How I Beat the Credit Crunch with SaveMyPrinter.co.uk

In another edition of what appears to be a series of money saving tips from Badger Towers, I decided to give some love to SaveMyPrinter.co.uk for saving me money.

I have an HP Laserjet 1100 which sits on my desk doing very little to justify its existence, occasionally printing a boarding pass or a coupon because it can’t cope with a big job any more.  I used to have an HP Laserjet 5L which did much the same thing. After about a year of service both of them started to sulk, picking up five sheets of paper at the same and jamming inside the works.

After months of wondering if I shouldn’t just chuck it and move on to another printer which inevitably starts to over-eat after a year, I found a kit on ebay for about £6 from a company called SaveMyPrinter.co.uk. It included a new Pickup Roller and corresponding rubbery bit for the back (Separation Pad). Couldn’t hurt to try this.

SaveMyPrinter.co.uk

It had two basic parts. One was the Pickup Roller, the easiest part to replace on the whole printer, and the other was the Separation Pad and sub-assembly, about the hardest thing possible to get at.

SaveMyPrinter.co.uk sent a CD-ROM with the HP Service Manual in PDF. I thought this was going to be a waste of time, just a replacement for the original manual with troubleshooting tips like “Q: Nothing prints A: Ensure it’s plugged in”, but bugger me, it tells you how the whole thing was built and how all the subsystems work and which bits to replace, and photo guides on how to take it apart without breaking those plastic lugs off. Brilliant.
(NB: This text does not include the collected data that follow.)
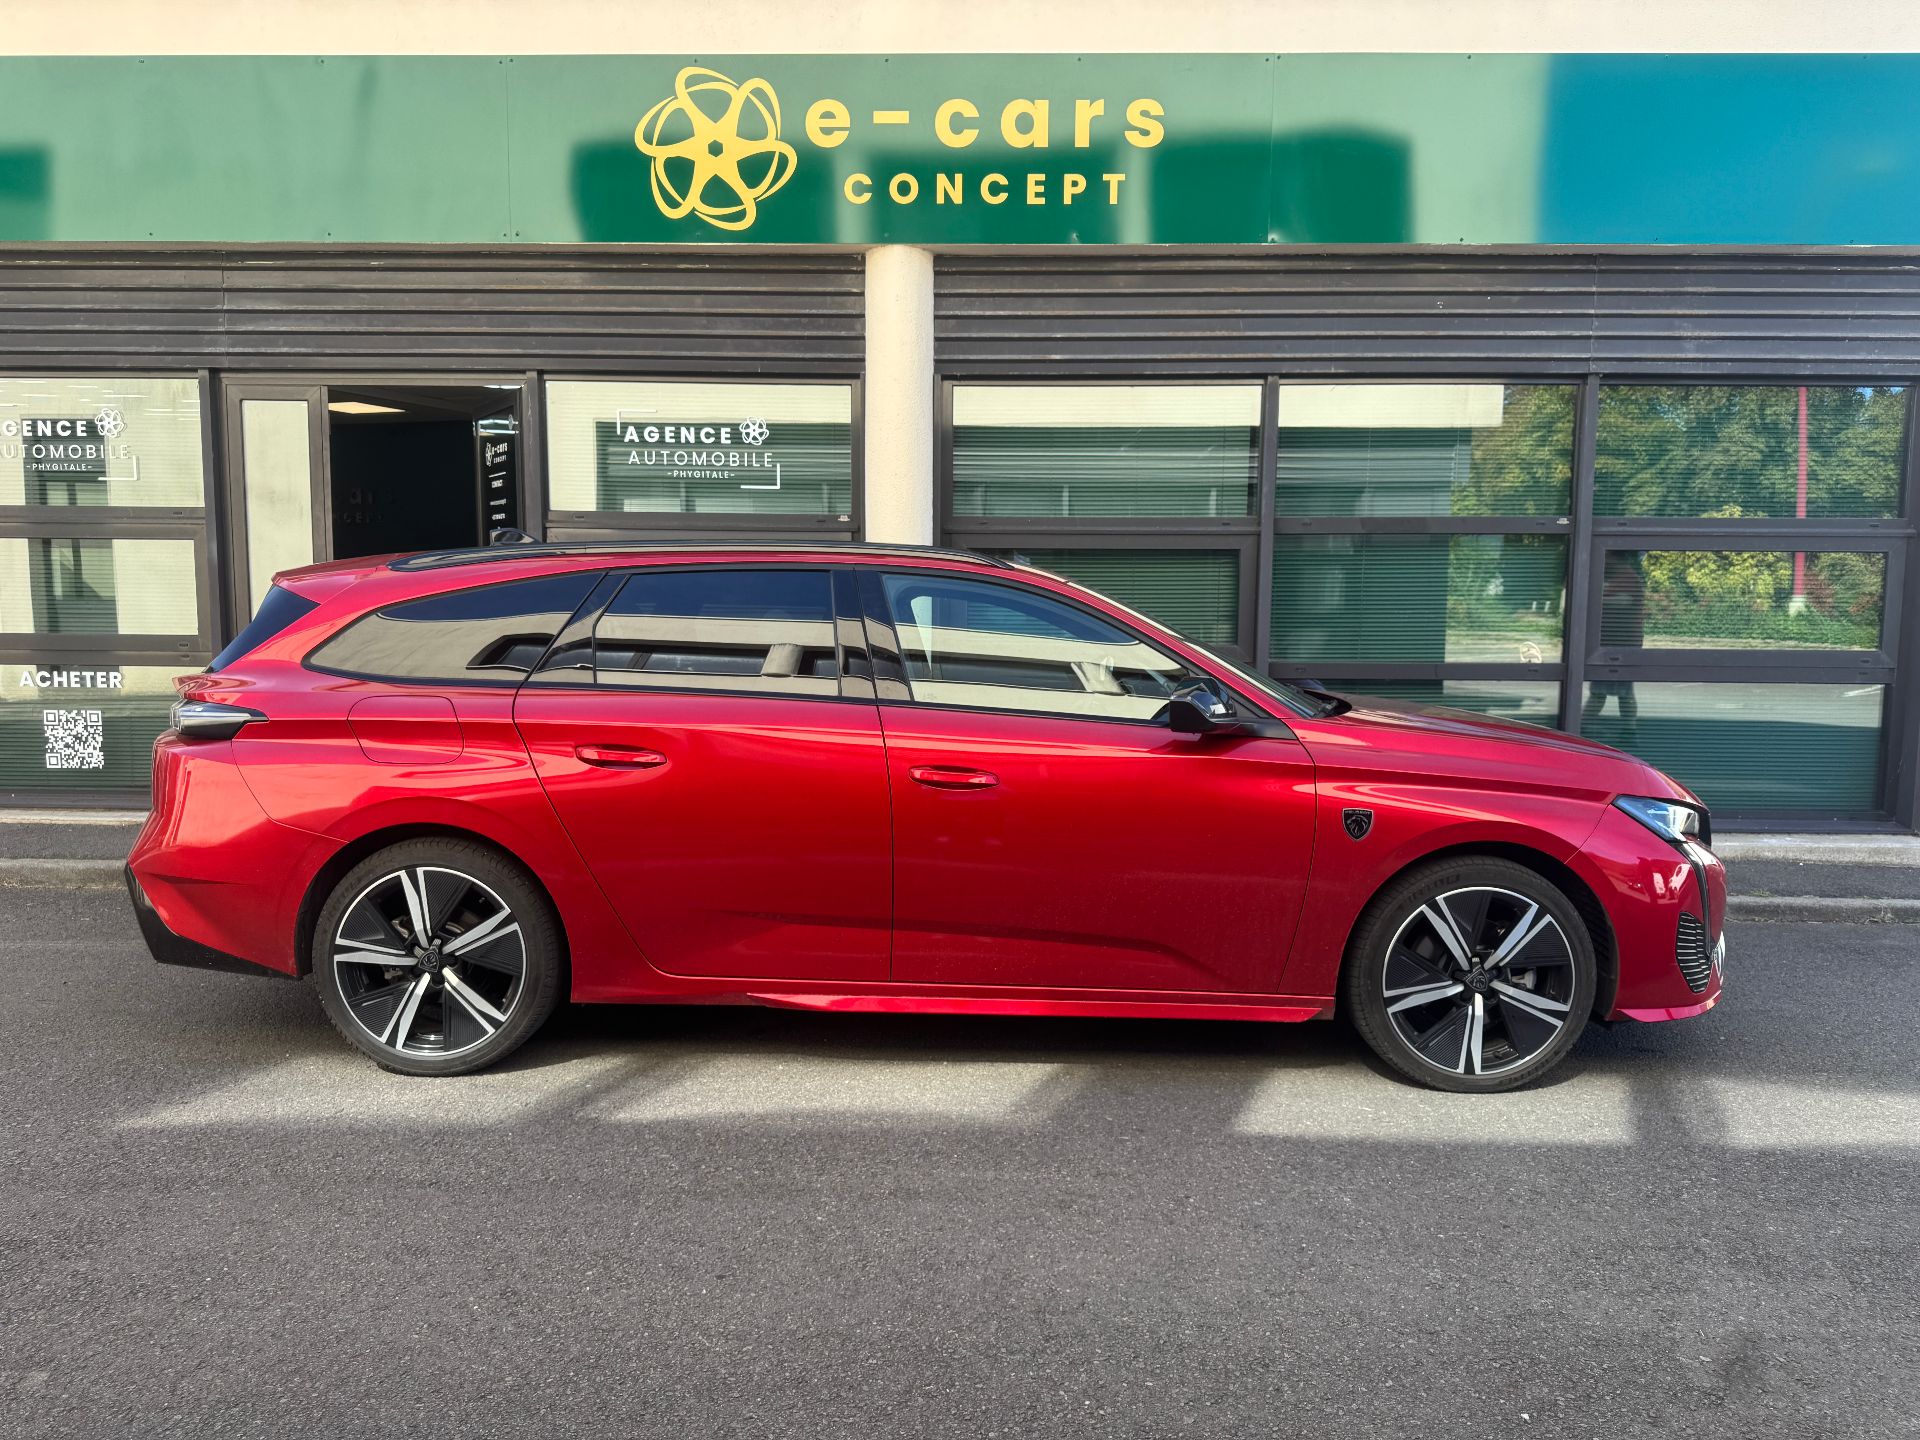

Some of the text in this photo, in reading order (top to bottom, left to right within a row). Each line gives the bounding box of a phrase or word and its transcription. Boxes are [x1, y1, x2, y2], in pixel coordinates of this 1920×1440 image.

[805, 98, 1165, 149] e-cars
[843, 173, 1127, 205] CONCEPT
[0, 420, 88, 437] GENCE
[624, 426, 732, 444] AGENCE
[0, 444, 130, 459] UTOMOBILE
[628, 450, 773, 467] AUTOMOBILE
[20, 671, 123, 689] ACHETER
In about half an hour and 4 major pieces removed I had the top of the thing off and replaced the pad:

Open Heart Printer Surgery

I thought it’d never work. It bloody did. So far it picks up the one piece of paper it ought to. And I didn’t manage to leave any bits out.  OK, I know it took over an hour in the end, and time is money, and I could have bought a new one for under £100 and all that, but you can’t buy the smug feeling of having repaired something yourself and having that £80 to buy beer with.

Yeah, take that, consumer throwaway society. Credit crunch? Is that a type of cereal?